The Three Musketeers — Los Altos Edition

Many of you will remember the story of the Three Musketeers, a novel by Alexandre Dumas. According to our friends at Wikipedia, The Three Musketeers is set in 17th century France and tells the story of heroic, chivalrous, inseparable swordmen who fight for justice. The musketeers were inseparable as they traveled the French countryside, arm in arm. They are joined by a young man named d’Artagnan and they become involved in affairs of state and at the French court, triumphing over the forces of evil. A noble undertaking to say the least. Dumas frequently portrays various injustices, abuses and political absurdities of the existing regime in France, giving the novel an additional political significance at the time of its publication in 1844. The relevance of The Three Musketeers to this article will have to wait a bit. So please be patient and read on.

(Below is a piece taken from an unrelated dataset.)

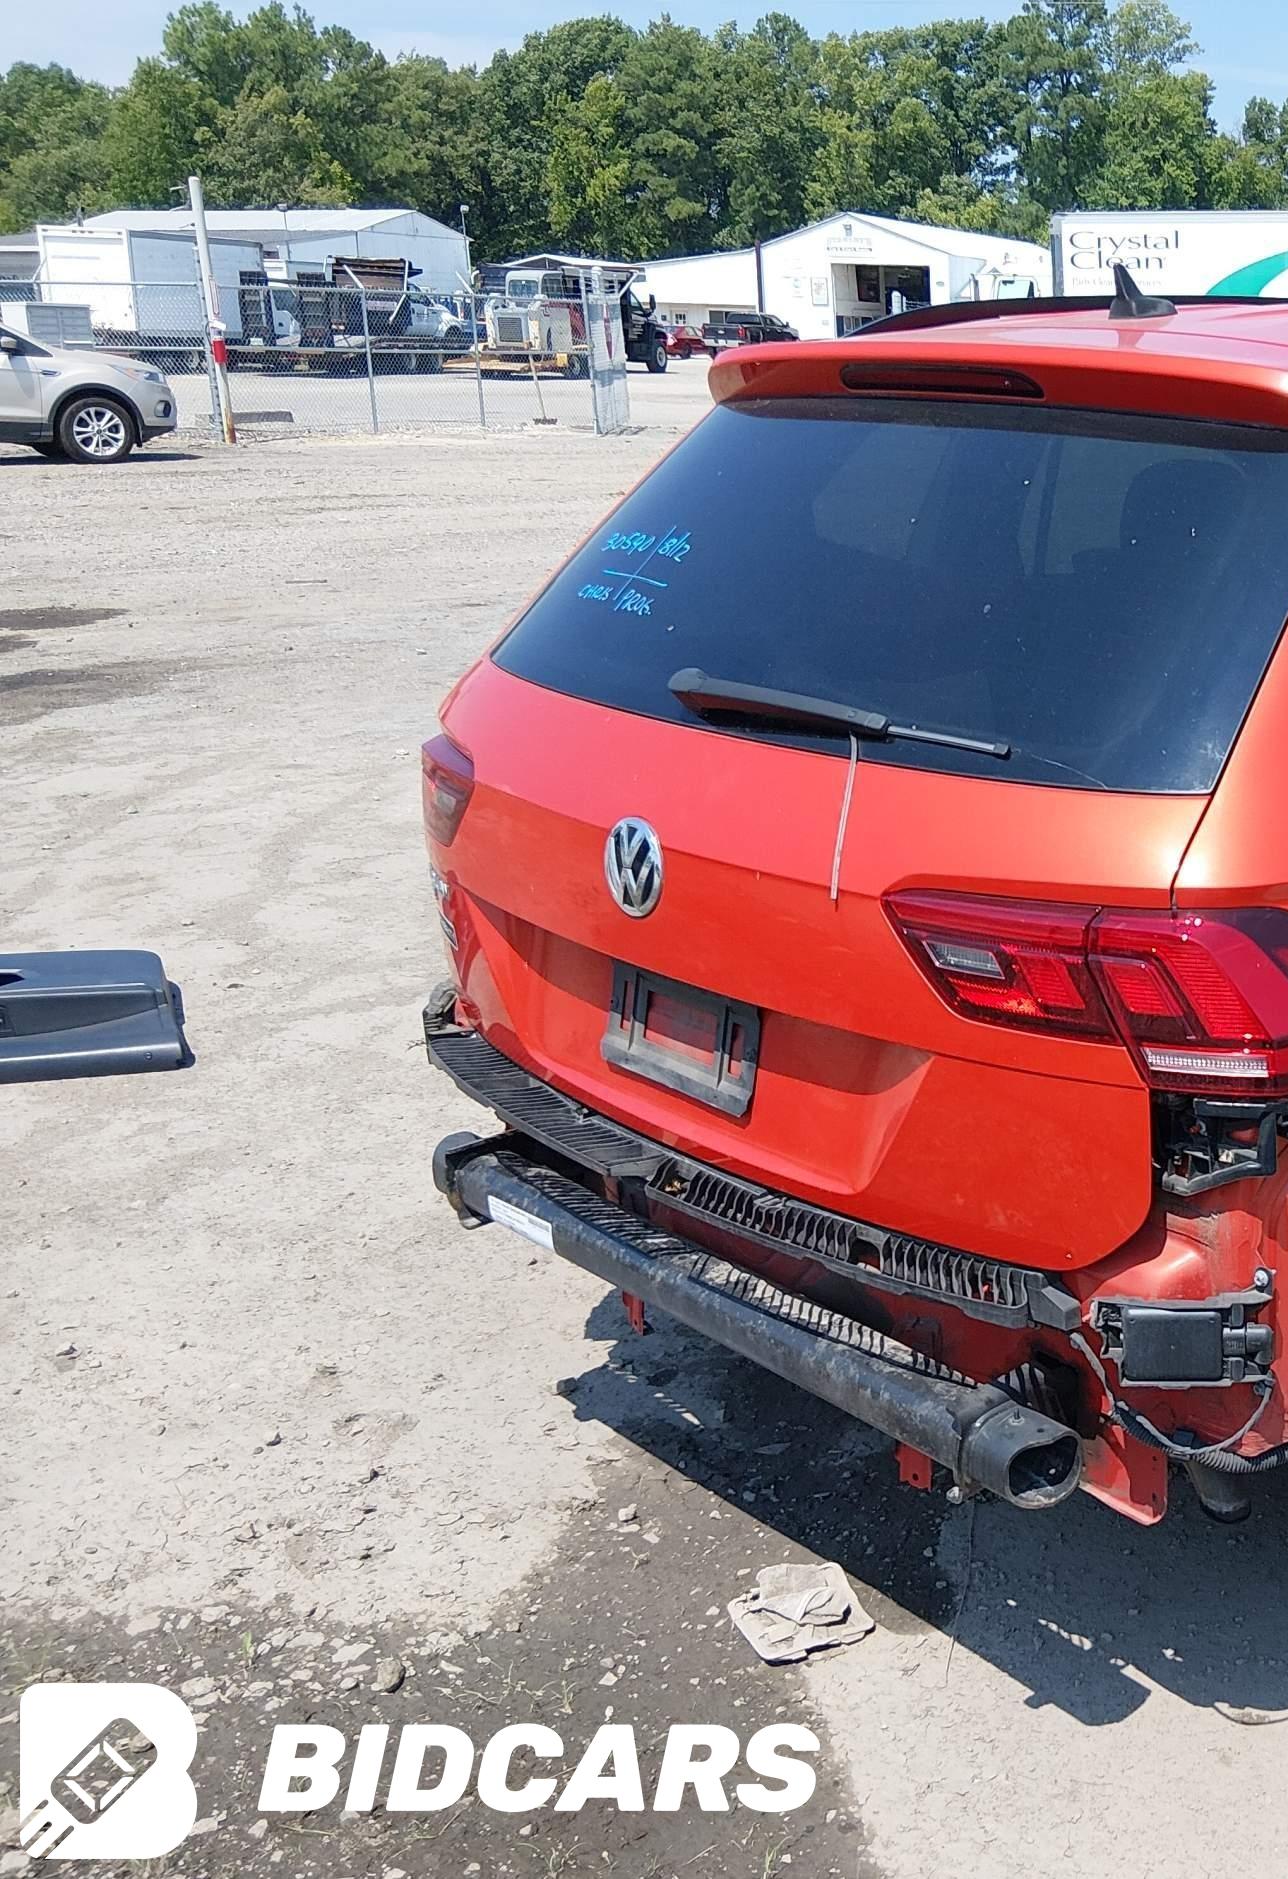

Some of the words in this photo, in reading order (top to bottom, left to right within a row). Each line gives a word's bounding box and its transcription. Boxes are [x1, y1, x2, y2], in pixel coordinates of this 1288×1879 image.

[1069, 230, 1179, 254] Crystal
[1070, 251, 1164, 270] Clean
[604, 816, 664, 918] VW

On January 18th and 22nd, the City Council held its annual retreat. Prior council retreats have used this event to set goals and aspirational principles for the upcoming year. But unlike in other years, the focus of this two-day meeting was to understand the City’s financial situation, why the City continues to have deteriorating infrastructure, and to better understand the staffing issues facing the City that directly impact the ability of the City to operate. For some on Council, and for many members of the public, it was an eye opener, to say the least. For those of you who recall our recent article about Gabe Engeland, the new City Manager, we mentioned how he had discovered a number of skeletons in the closet. We predicted he might uncover more. Unfortunately, we were right – to date he appears to be a virtual ghost buster in the way he has uncovered skeletons. Engeland has ferreted out a rather astounding financial mess, deteriorating infrastructure and bad prior management that, combined, have led to a crippling staffing turnover and the inability to hire competent City staff.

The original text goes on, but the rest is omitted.